### TRY IT:
Restate the records in full, keeping every word as it is.

### AVAILABLE RECORDS:
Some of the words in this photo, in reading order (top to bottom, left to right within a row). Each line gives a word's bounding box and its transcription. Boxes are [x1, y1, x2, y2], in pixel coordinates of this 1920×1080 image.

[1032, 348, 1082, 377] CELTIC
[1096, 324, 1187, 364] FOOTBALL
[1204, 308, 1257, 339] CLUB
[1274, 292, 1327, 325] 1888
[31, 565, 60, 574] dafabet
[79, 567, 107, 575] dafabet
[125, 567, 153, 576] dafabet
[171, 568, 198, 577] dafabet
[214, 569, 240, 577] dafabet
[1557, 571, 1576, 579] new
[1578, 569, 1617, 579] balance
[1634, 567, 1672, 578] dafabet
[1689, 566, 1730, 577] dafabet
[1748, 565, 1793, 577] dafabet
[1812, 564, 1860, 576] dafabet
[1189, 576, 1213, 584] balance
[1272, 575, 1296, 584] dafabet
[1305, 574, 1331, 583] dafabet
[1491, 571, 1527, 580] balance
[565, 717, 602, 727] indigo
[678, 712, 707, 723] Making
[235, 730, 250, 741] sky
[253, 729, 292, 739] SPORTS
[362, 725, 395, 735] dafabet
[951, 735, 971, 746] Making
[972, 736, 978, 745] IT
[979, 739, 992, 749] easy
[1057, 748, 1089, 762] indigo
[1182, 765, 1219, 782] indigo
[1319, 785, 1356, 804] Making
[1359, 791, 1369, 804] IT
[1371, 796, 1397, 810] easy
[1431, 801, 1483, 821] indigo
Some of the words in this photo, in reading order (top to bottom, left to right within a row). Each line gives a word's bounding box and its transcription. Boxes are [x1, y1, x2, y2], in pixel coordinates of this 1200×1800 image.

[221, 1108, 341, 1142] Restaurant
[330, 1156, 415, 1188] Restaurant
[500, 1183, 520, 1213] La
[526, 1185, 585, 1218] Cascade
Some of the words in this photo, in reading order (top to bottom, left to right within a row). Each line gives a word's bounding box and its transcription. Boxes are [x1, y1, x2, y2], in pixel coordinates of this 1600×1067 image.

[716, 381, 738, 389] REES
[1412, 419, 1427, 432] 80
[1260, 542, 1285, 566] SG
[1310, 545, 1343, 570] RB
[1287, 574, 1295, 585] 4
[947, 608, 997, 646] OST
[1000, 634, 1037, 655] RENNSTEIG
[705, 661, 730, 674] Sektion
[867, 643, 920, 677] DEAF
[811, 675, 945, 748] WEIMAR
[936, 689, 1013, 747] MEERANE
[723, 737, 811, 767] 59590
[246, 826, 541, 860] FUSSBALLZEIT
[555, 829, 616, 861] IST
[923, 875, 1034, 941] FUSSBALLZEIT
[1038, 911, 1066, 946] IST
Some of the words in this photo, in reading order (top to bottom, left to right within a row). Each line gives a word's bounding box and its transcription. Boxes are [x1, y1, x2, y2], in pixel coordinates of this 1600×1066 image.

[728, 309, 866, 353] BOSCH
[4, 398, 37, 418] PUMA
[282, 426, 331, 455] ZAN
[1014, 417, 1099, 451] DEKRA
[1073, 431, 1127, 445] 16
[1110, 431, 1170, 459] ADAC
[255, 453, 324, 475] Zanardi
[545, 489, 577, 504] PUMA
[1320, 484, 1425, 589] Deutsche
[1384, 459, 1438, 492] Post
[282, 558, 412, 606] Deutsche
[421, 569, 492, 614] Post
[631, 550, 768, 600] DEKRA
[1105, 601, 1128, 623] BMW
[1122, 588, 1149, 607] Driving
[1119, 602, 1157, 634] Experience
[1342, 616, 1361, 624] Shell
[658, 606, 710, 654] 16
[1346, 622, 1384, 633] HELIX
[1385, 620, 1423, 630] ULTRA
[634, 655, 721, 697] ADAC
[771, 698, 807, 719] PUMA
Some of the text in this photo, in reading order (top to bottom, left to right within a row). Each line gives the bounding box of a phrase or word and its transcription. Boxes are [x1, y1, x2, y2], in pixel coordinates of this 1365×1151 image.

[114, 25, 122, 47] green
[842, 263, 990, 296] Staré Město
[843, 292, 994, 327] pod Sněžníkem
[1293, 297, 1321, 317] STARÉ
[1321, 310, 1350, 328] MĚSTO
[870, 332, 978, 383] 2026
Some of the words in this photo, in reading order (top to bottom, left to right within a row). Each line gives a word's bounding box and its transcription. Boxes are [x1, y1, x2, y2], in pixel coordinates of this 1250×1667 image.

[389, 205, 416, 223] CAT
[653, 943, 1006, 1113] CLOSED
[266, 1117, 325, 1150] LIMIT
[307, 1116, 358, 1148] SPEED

### SOLUTION:
Some of the words in this photo, in reading order (top to bottom, left to right within a row). Each line gives a word's bounding box and its transcription. Boxes are [x1, y1, x2, y2], in pixel coordinates of this 1920×1080 image.

[1032, 348, 1082, 377] CELTIC
[1096, 324, 1187, 364] FOOTBALL
[1204, 308, 1257, 339] CLUB
[1274, 292, 1327, 325] 1888
[31, 565, 60, 574] dafabet
[79, 567, 107, 575] dafabet
[125, 567, 153, 576] dafabet
[171, 568, 198, 577] dafabet
[214, 569, 240, 577] dafabet
[1557, 571, 1576, 579] new
[1578, 569, 1617, 579] balance
[1634, 567, 1672, 578] dafabet
[1689, 566, 1730, 577] dafabet
[1748, 565, 1793, 577] dafabet
[1812, 564, 1860, 576] dafabet
[1189, 576, 1213, 584] balance
[1272, 575, 1296, 584] dafabet
[1305, 574, 1331, 583] dafabet
[1491, 571, 1527, 580] balance
[565, 717, 602, 727] indigo
[678, 712, 707, 723] Making
[235, 730, 250, 741] sky
[253, 729, 292, 739] SPORTS
[362, 725, 395, 735] dafabet
[951, 735, 971, 746] Making
[972, 736, 978, 745] IT
[979, 739, 992, 749] easy
[1057, 748, 1089, 762] indigo
[1182, 765, 1219, 782] indigo
[1319, 785, 1356, 804] Making
[1359, 791, 1369, 804] IT
[1371, 796, 1397, 810] easy
[1431, 801, 1483, 821] indigo
Some of the words in this photo, in reading order (top to bottom, left to right within a row). Each line gives a word's bounding box and its transcription. Boxes are [x1, y1, x2, y2], in pixel coordinates of this 1200×1800 image.

[221, 1108, 341, 1142] Restaurant
[330, 1156, 415, 1188] Restaurant
[500, 1183, 520, 1213] La
[526, 1185, 585, 1218] Cascade
Some of the words in this photo, in reading order (top to bottom, left to right within a row). Each line gives a word's bounding box and its transcription. Boxes are [x1, y1, x2, y2], in pixel coordinates of this 1600×1067 image.

[716, 381, 738, 389] REES
[1412, 419, 1427, 432] 80
[1260, 542, 1285, 566] SG
[1310, 545, 1343, 570] RB
[1287, 574, 1295, 585] 4
[947, 608, 997, 646] OST
[1000, 634, 1037, 655] RENNSTEIG
[705, 661, 730, 674] Sektion
[867, 643, 920, 677] DEAF
[811, 675, 945, 748] WEIMAR
[936, 689, 1013, 747] MEERANE
[723, 737, 811, 767] 59590
[246, 826, 541, 860] FUSSBALLZEIT
[555, 829, 616, 861] IST
[923, 875, 1034, 941] FUSSBALLZEIT
[1038, 911, 1066, 946] IST
Some of the words in this photo, in reading order (top to bottom, left to right within a row). Each line gives a word's bounding box and its transcription. Boxes are [x1, y1, x2, y2], in pixel coordinates of this 1600×1066 image.

[728, 309, 866, 353] BOSCH
[4, 398, 37, 418] PUMA
[282, 426, 331, 455] ZAN
[1014, 417, 1099, 451] DEKRA
[1073, 431, 1127, 445] 16
[1110, 431, 1170, 459] ADAC
[255, 453, 324, 475] Zanardi
[545, 489, 577, 504] PUMA
[1320, 484, 1425, 589] Deutsche
[1384, 459, 1438, 492] Post
[282, 558, 412, 606] Deutsche
[421, 569, 492, 614] Post
[631, 550, 768, 600] DEKRA
[1105, 601, 1128, 623] BMW
[1122, 588, 1149, 607] Driving
[1119, 602, 1157, 634] Experience
[1342, 616, 1361, 624] Shell
[658, 606, 710, 654] 16
[1346, 622, 1384, 633] HELIX
[1385, 620, 1423, 630] ULTRA
[634, 655, 721, 697] ADAC
[771, 698, 807, 719] PUMA
Some of the text in this photo, in reading order (top to bottom, left to right within a row). Each line gives the bounding box of a phrase or word and its transcription. Boxes are [x1, y1, x2, y2], in pixel coordinates of this 1365×1151 image.

[114, 25, 122, 47] green
[842, 263, 990, 296] Staré Město
[843, 292, 994, 327] pod Sněžníkem
[1293, 297, 1321, 317] STARÉ
[1321, 310, 1350, 328] MĚSTO
[870, 332, 978, 383] 2026
Some of the words in this photo, in reading order (top to bottom, left to right within a row). Each line gives a word's bounding box and its transcription. Boxes are [x1, y1, x2, y2], in pixel coordinates of this 1250×1667 image.

[389, 205, 416, 223] CAT
[653, 943, 1006, 1113] CLOSED
[266, 1117, 325, 1150] LIMIT
[307, 1116, 358, 1148] SPEED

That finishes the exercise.